Capítulo XXIII (viernes)
Viernes
Y finalmente, llegó el viernes. El malhumorado Príncipe descubrió que ya nadie le dirigía la palabra cuando entró en el aula de clase, así que aprovechó la primera ocasión que tuvo para largarse a su dormitorio a recuperar allí el sueño perdido.

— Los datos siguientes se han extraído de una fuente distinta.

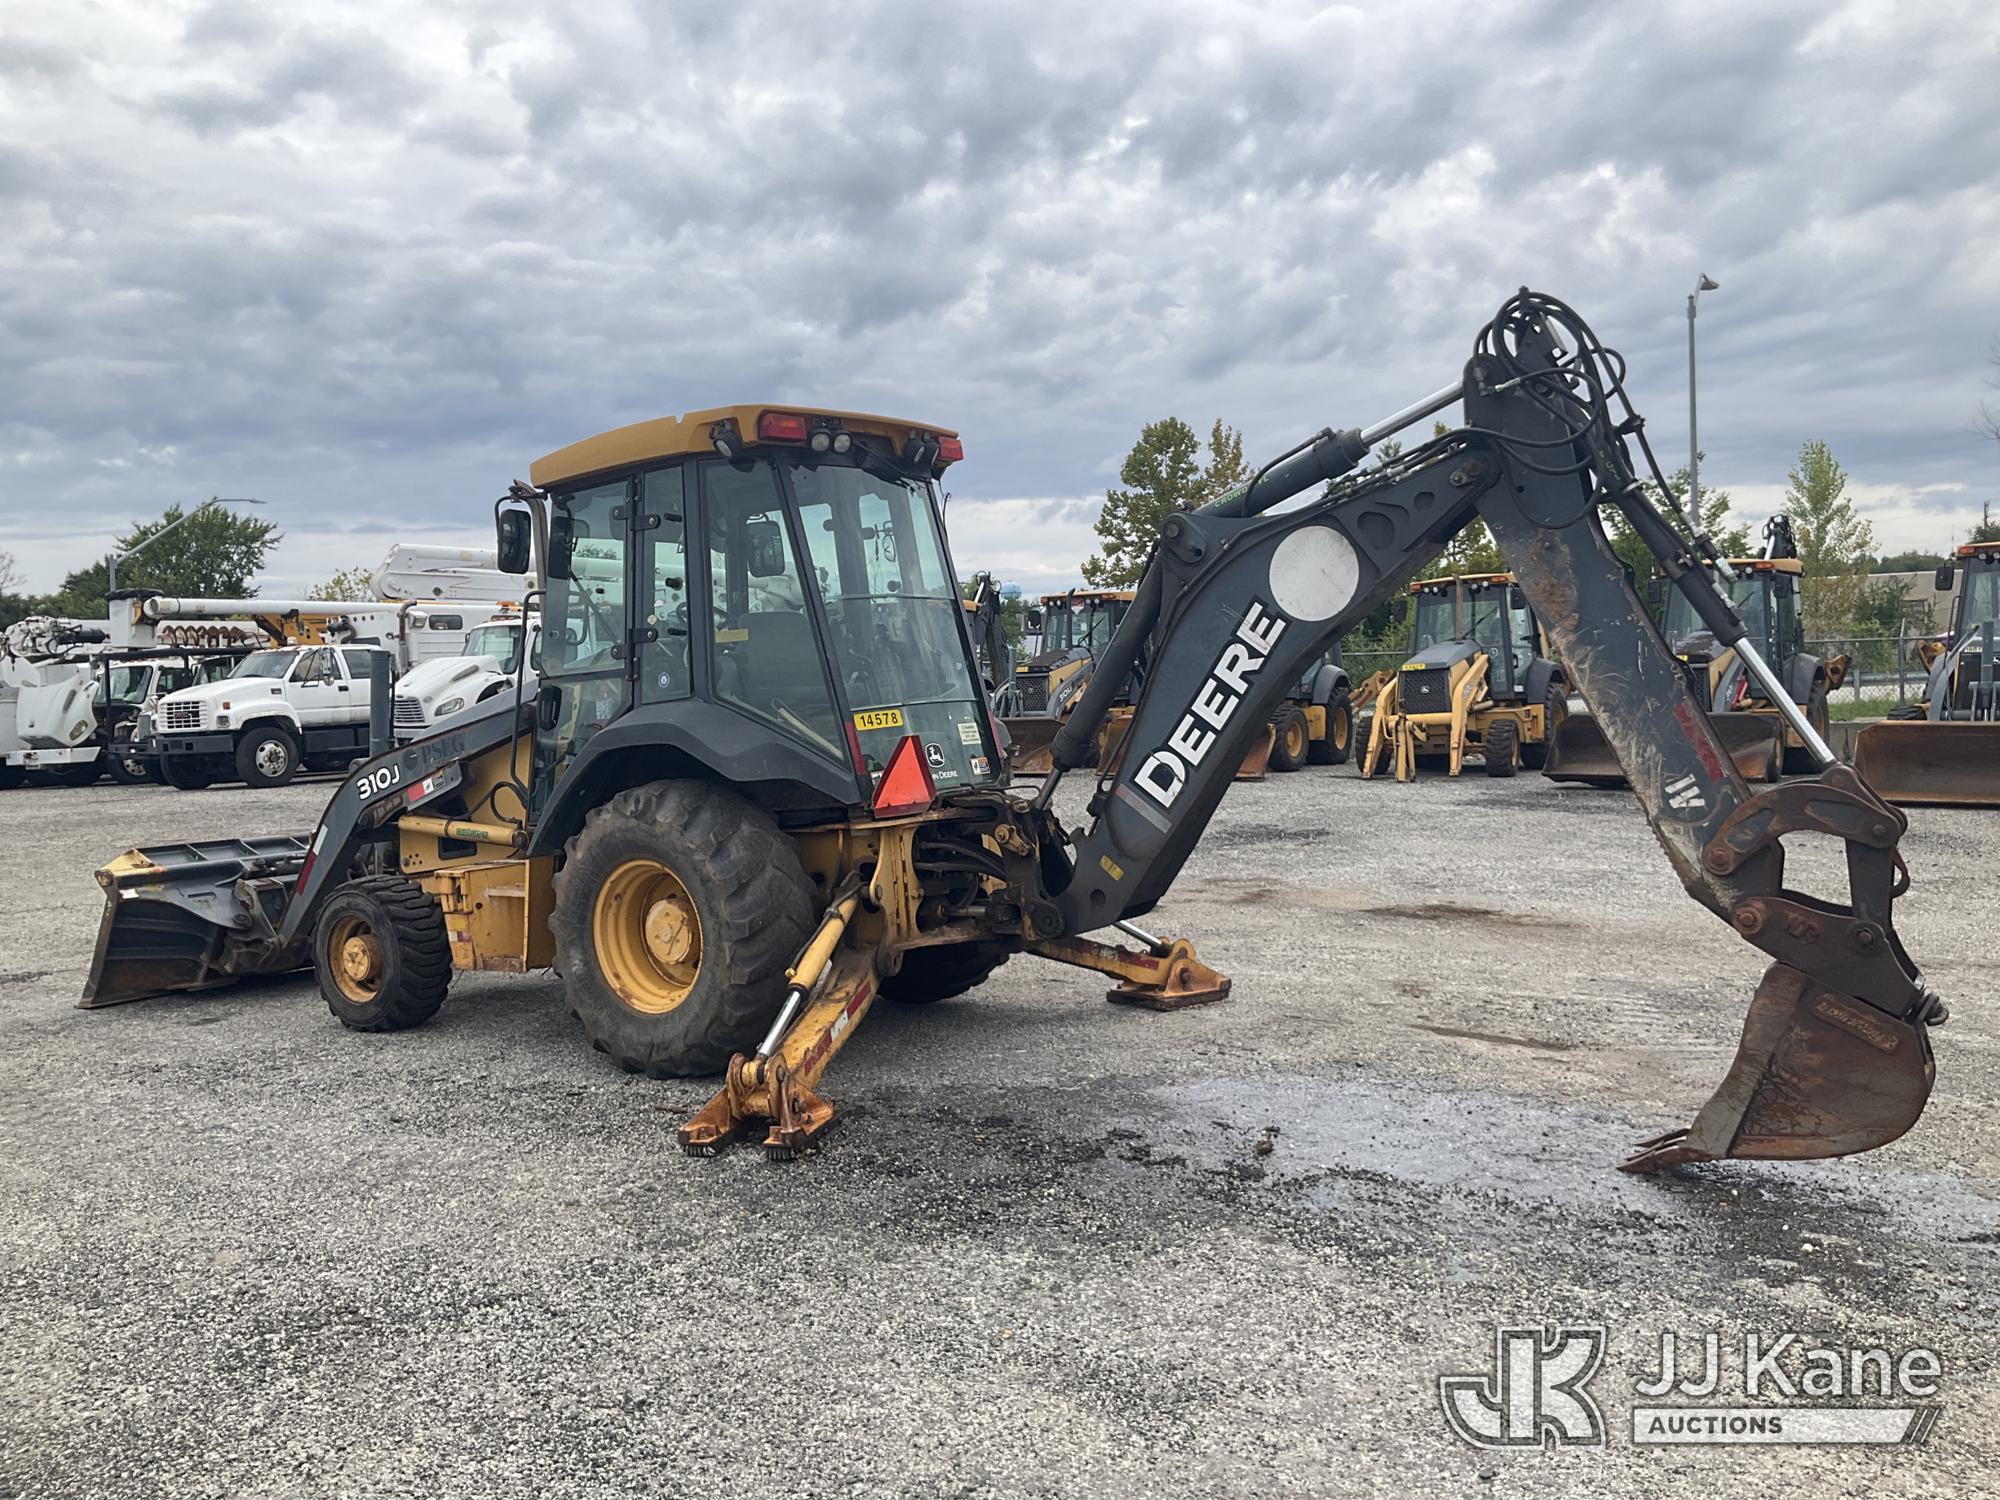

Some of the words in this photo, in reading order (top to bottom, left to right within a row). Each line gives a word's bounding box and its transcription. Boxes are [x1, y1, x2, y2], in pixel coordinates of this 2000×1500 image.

[1214, 486, 1248, 508] CROWD
[1134, 602, 1286, 808] DEERE
[860, 712, 898, 727] 14578
[357, 765, 400, 800] 310J
[939, 770, 959, 780] DEERE

Cuando sonaron las seis campanadas de la tarde, todos los amigos de Rosa quisieron
acompañarla a su habitación otra vez, pero ella se negó rotundamente; les dijo
que quería estar sola un par de horas y que ya se verían después de la cena.

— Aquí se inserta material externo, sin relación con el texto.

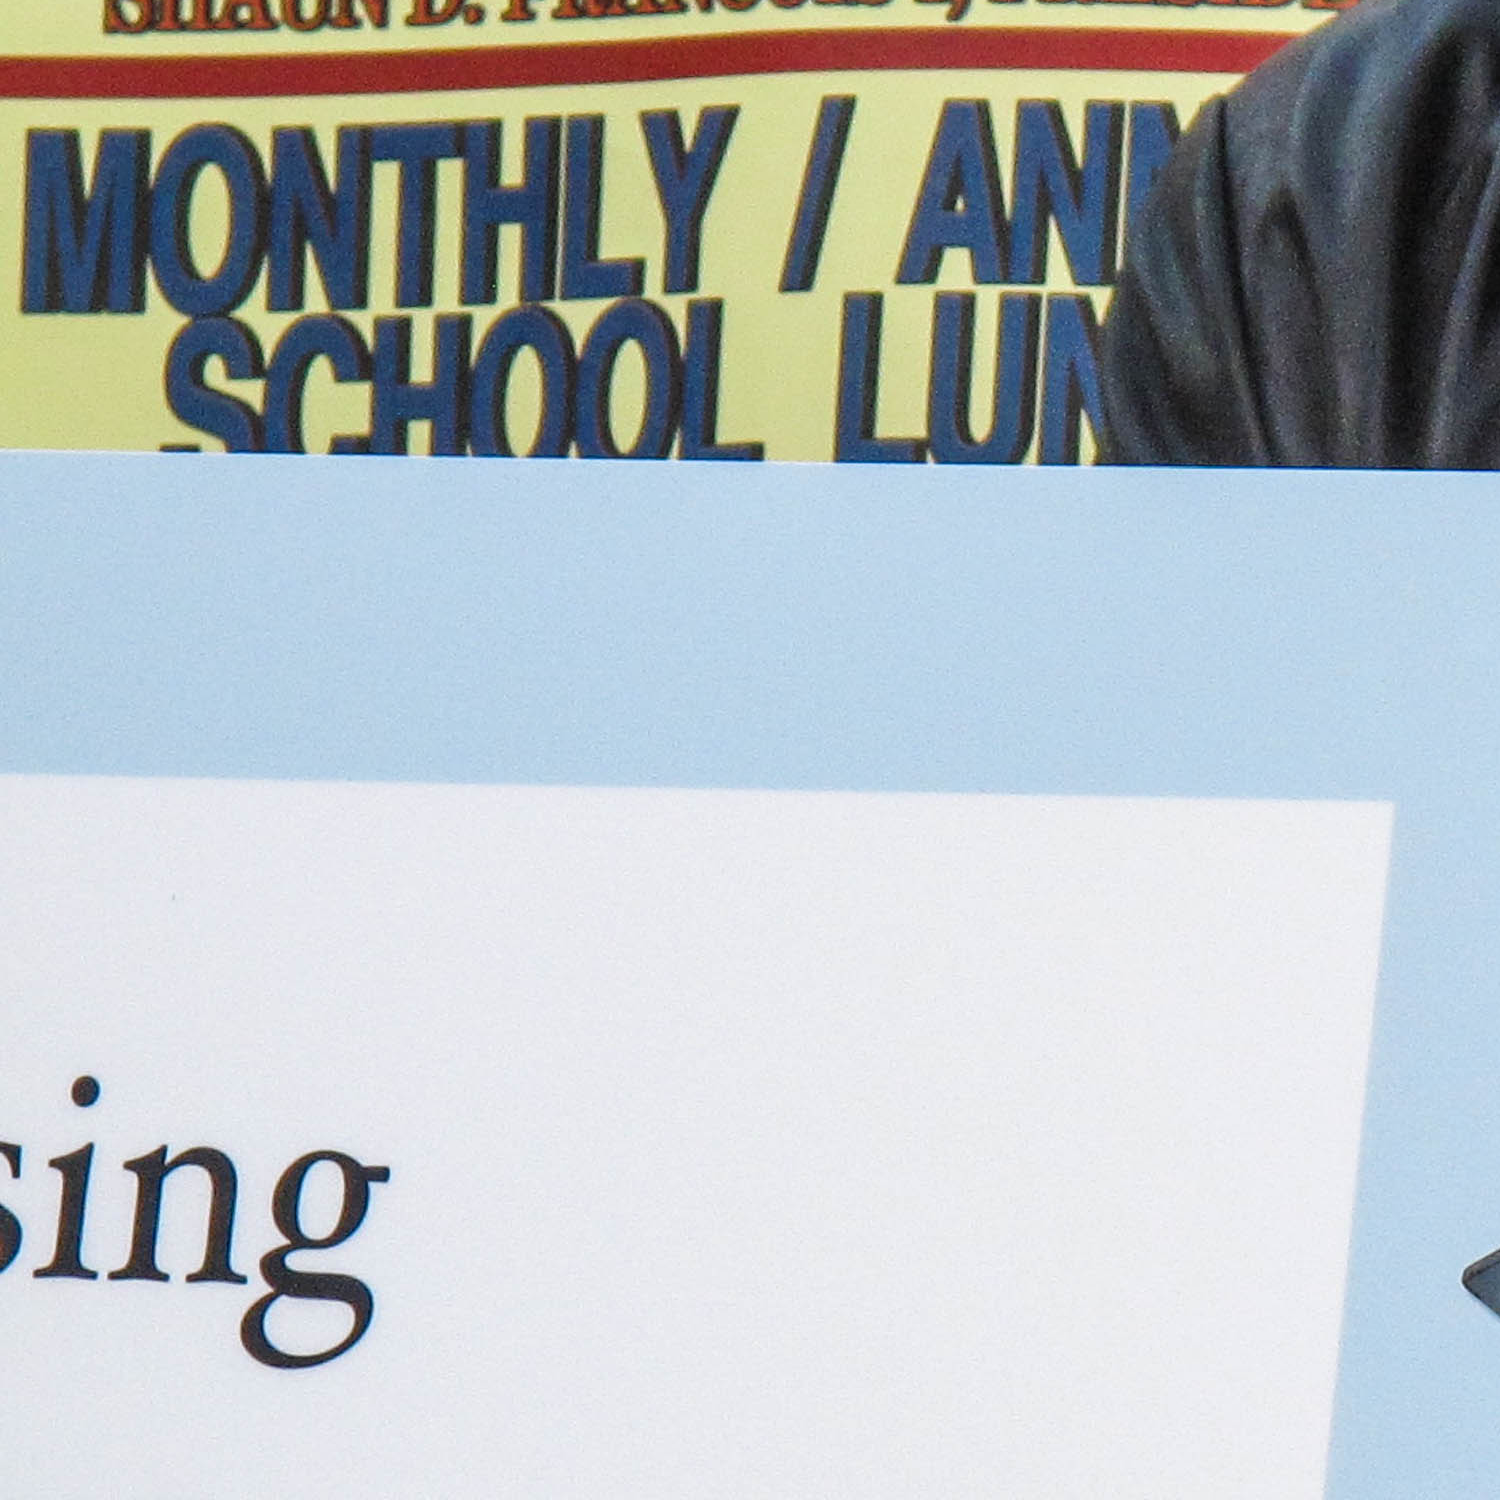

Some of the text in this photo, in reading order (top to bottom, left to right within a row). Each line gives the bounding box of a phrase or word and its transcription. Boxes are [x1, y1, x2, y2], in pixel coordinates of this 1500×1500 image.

[20, 103, 742, 315] MONTHLY
[778, 94, 857, 294] /
[160, 295, 766, 463] SCHOOL

Ahora lo que le apetecía era dar un paseo, explicó; despejarse y regresar con más
ánimos..., o menos pena.
–Pobre Rosa, no soporto verla así –dijo Pippi mientras se abrazaba a Loa y
veía a su amiga marcharse a través del portón de la Academia, caminando
lentamente, como si arrastrara una carga muy pesada en aquel día ya de por sí
plomizo.
–Esto es injusto: ella se va a deambular triste y sola, mientras que el
Príncipe seguramente vuelva a salir esta noche para hacer de las suyas –Demian
hizo crujir sus dedos, y de haber tenido garras, habría buscado con qué
afilárselas.
–Si existiera una manera de encontrarle, podríamos al menos darle un susto
de muerte pillándole in fraganti
–señaló Canella con incipiente malicia.
Los compañeros miraron a Sinclair, que se encogió en hombros. A nadie debía
gustarle más que a él la idea de escarmentar al Príncipe, aunque intentara
disimularlo.
–No sé dónde pueda estar; quizás en su habitación, o puede que ya haya escapado. Me fue muy difícil seguirle en esta última semana. Pero si encontramos al Hada
y esperamos junto a ella, Iván no tardará en aparecer en escena...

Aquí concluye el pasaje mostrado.